## AVAILABLE DATA

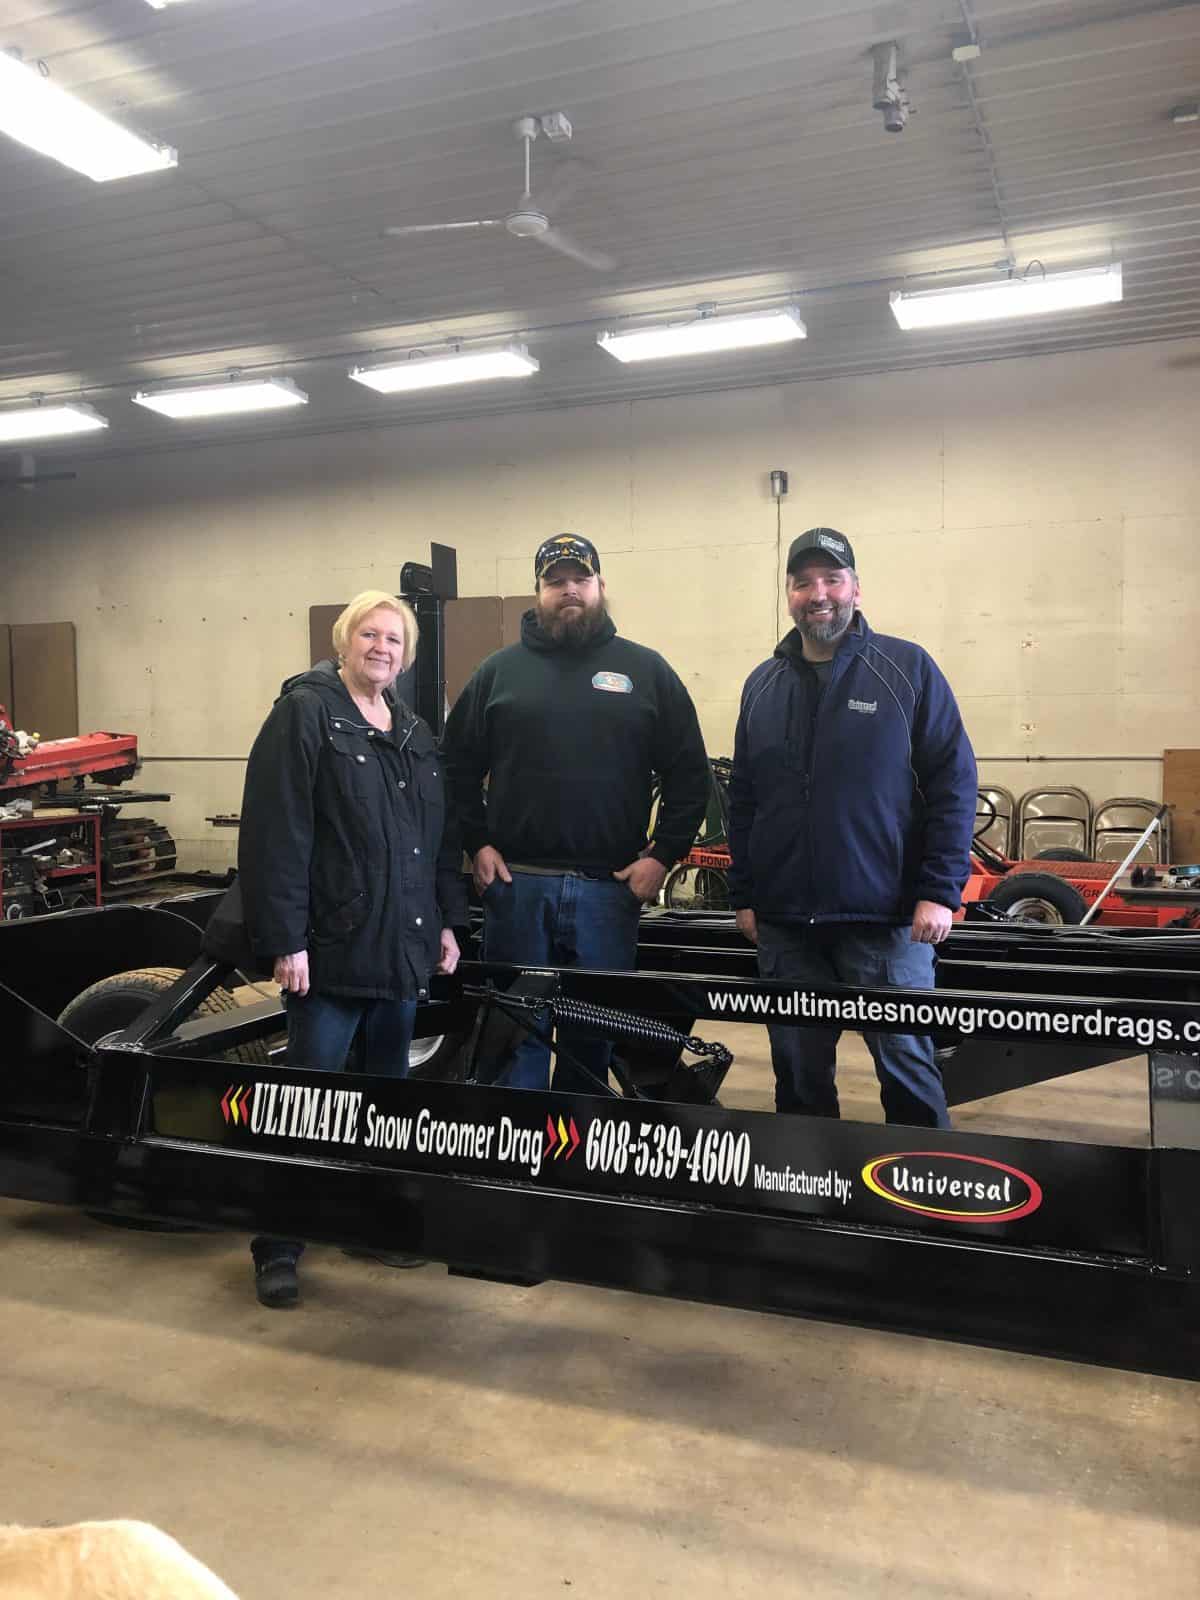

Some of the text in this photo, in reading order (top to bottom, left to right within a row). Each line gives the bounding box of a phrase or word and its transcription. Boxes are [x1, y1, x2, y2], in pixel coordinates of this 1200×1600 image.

[701, 855, 730, 867] POND
[250, 1082, 751, 1187] ULTIMATE Snow Groomer Drag 608-539-4600
[753, 1163, 853, 1205] Manufactured by:
[892, 1166, 1012, 1202] Universal
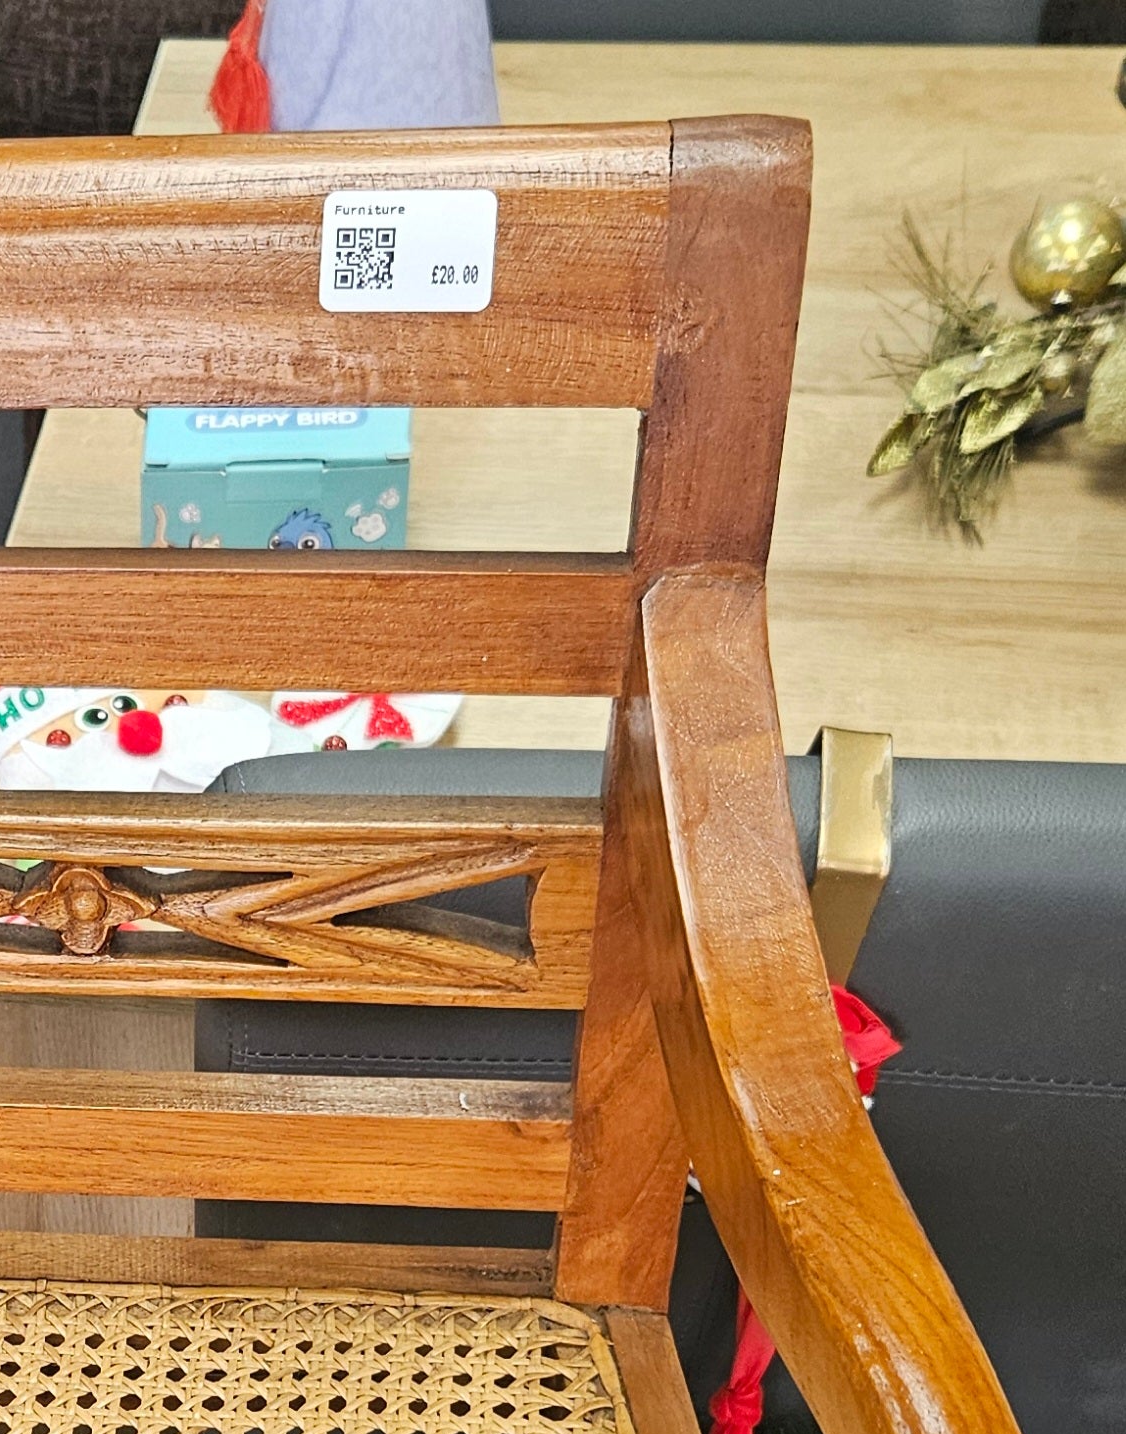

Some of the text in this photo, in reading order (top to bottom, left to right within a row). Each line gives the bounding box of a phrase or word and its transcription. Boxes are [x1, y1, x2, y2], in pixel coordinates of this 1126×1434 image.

[334, 205, 406, 216] Furniture
[431, 264, 479, 285] £20.00
[195, 410, 358, 430] FLAPPY BIRD

## PROBLEM DETAILS
Could you transcribe the records above exactly, leaving every picture out?

## RESPONSE AREA
Some of the text in this photo, in reading order (top to bottom, left to right within a row). Each line gives the bounding box of a phrase or word and its transcription. Boxes are [x1, y1, x2, y2], in pixel coordinates of this 1200×1600 image.

[701, 855, 730, 867] POND
[250, 1082, 751, 1187] ULTIMATE Snow Groomer Drag 608-539-4600
[753, 1163, 853, 1205] Manufactured by:
[892, 1166, 1012, 1202] Universal

Some of the text in this photo, in reading order (top to bottom, left to right within a row). Each line gives the bounding box of a phrase or word and its transcription. Boxes are [x1, y1, x2, y2], in pixel coordinates of this 1126×1434 image.

[334, 205, 406, 216] Furniture
[431, 264, 479, 285] £20.00
[195, 410, 358, 430] FLAPPY BIRD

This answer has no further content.